What needs to be done>
Without the pictures, output the records below exactly as they are.

Materials provided>
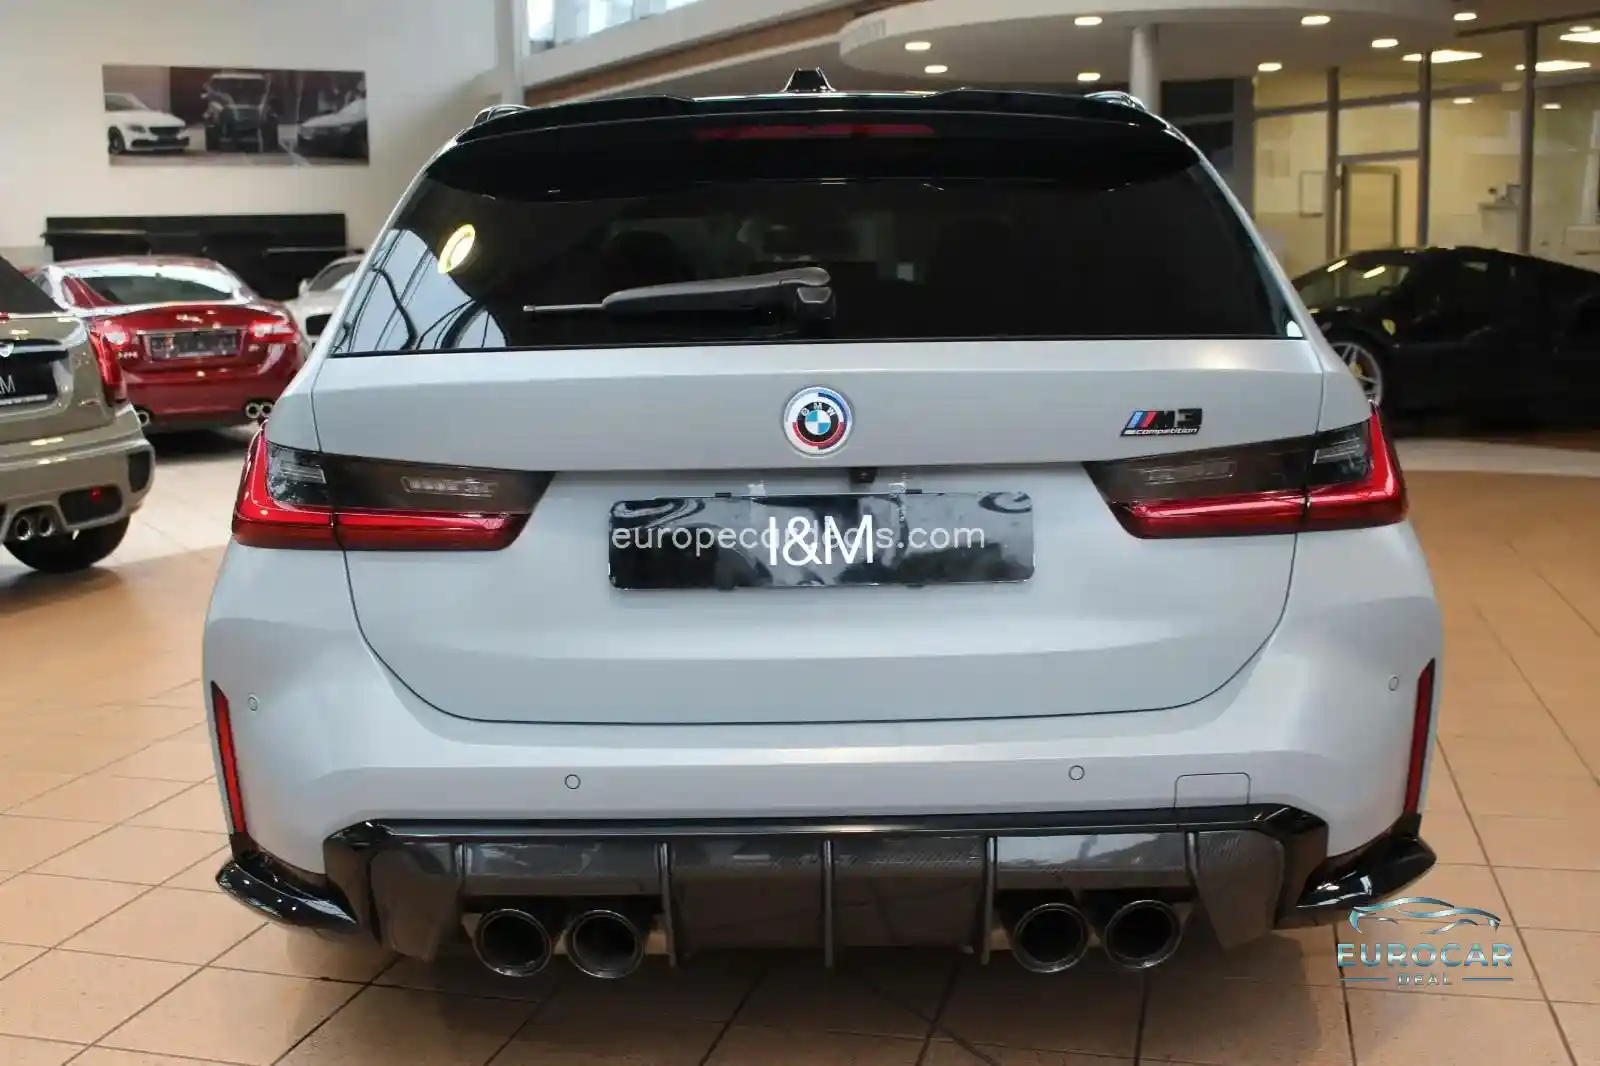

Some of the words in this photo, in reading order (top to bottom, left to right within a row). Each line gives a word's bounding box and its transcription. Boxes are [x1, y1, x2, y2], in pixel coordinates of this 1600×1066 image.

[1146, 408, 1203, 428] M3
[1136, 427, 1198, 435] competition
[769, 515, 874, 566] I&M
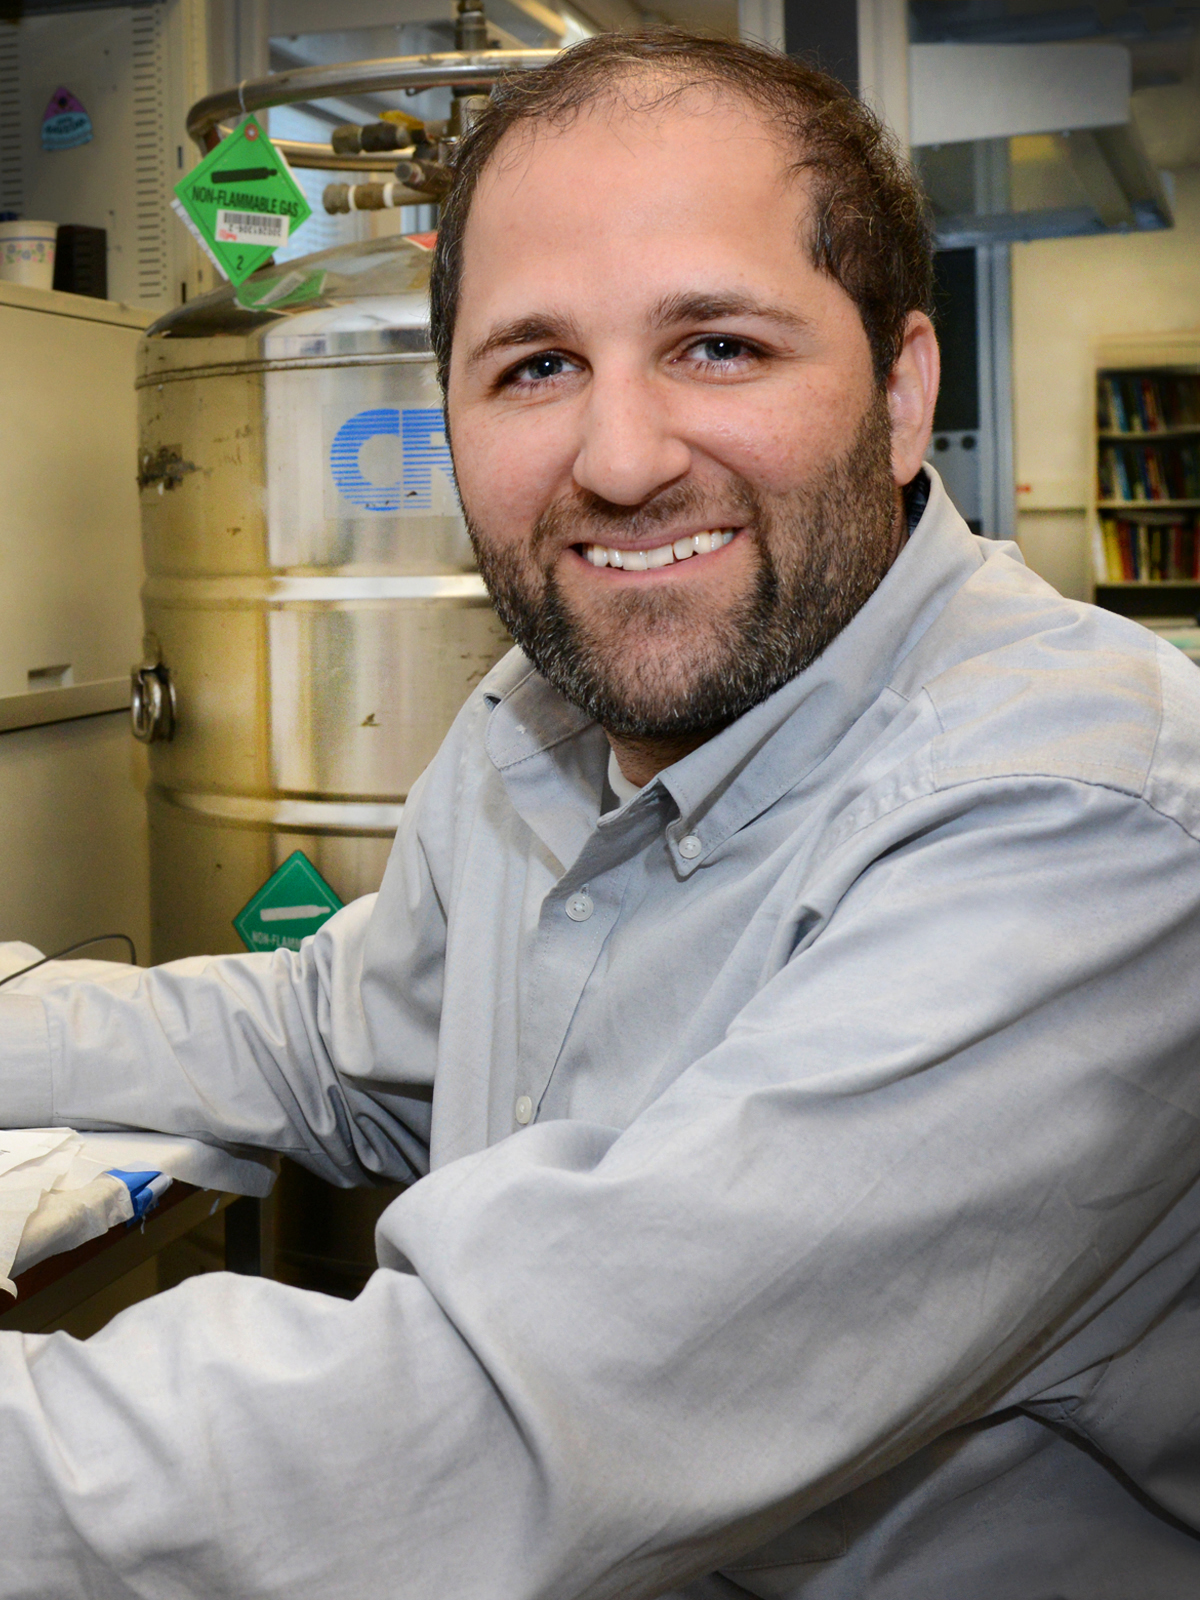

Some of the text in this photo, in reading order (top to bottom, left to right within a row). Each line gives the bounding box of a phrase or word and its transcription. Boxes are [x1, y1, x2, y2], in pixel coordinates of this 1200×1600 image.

Solution below>
Some of the words in this photo, in reading order (top to bottom, left to right within a row). Each line gives a word's bounding box and its transcription. Boxes are [x1, y1, x2, y2], in pixel coordinates of this 1600×1066 image.

[1146, 408, 1203, 428] M3
[1136, 427, 1198, 435] competition
[769, 515, 874, 566] I&M

Some of the text in this photo, in reading order (top to bottom, left to right within a row). Each line gives the bounding box of a phrase or word and its transcription. Boxes are [x1, y1, x2, y2], in pixel coordinates of this 1200×1600 image.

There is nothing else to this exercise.